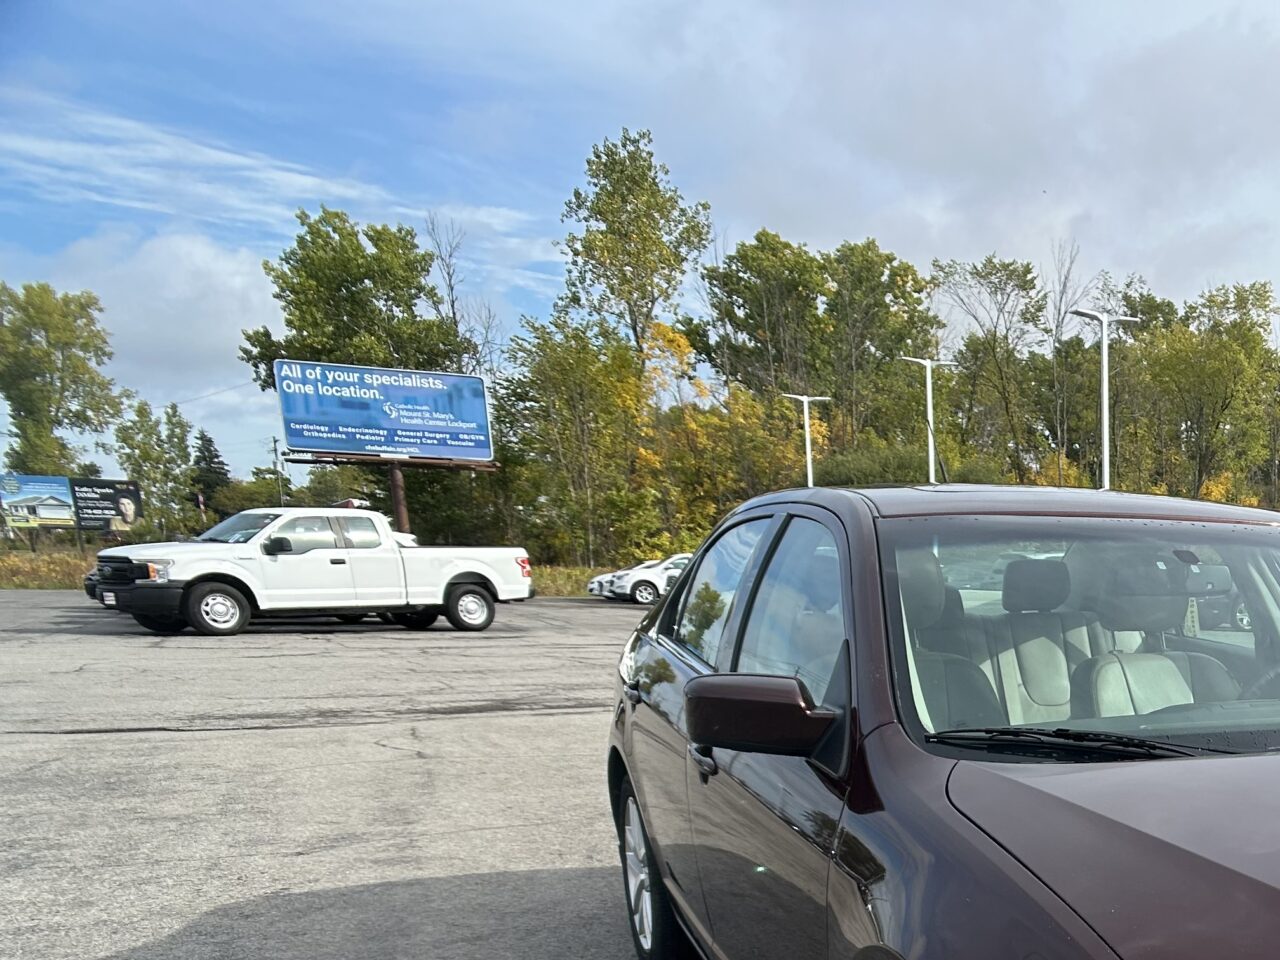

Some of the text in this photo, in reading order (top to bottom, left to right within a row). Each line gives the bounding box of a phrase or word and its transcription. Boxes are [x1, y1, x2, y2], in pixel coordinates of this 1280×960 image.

[281, 364, 448, 390] All of your specialists.
[282, 380, 384, 400] One location.
[400, 409, 422, 418] Mount
[400, 417, 478, 429] Health Center Lockport
[290, 422, 329, 432] Cardiology
[338, 426, 388, 437] Endocrinology
[396, 429, 423, 438] General
[424, 431, 450, 440] Surgery
[394, 436, 421, 445] Primary
[421, 437, 438, 445] Care
[446, 438, 475, 447] Vascular

_What the exercise asks_
Could you copy every record above exactly, leaving out the pictures?

_Task answer_
Some of the text in this photo, in reading order (top to bottom, left to right within a row). Each line gives the bounding box of a phrase or word and its transcription. Boxes are [x1, y1, x2, y2], in pixel coordinates of this 1280×960 image.

[281, 364, 448, 390] All of your specialists.
[282, 380, 384, 400] One location.
[400, 409, 422, 418] Mount
[400, 417, 478, 429] Health Center Lockport
[290, 422, 329, 432] Cardiology
[338, 426, 388, 437] Endocrinology
[396, 429, 423, 438] General
[424, 431, 450, 440] Surgery
[394, 436, 421, 445] Primary
[421, 437, 438, 445] Care
[446, 438, 475, 447] Vascular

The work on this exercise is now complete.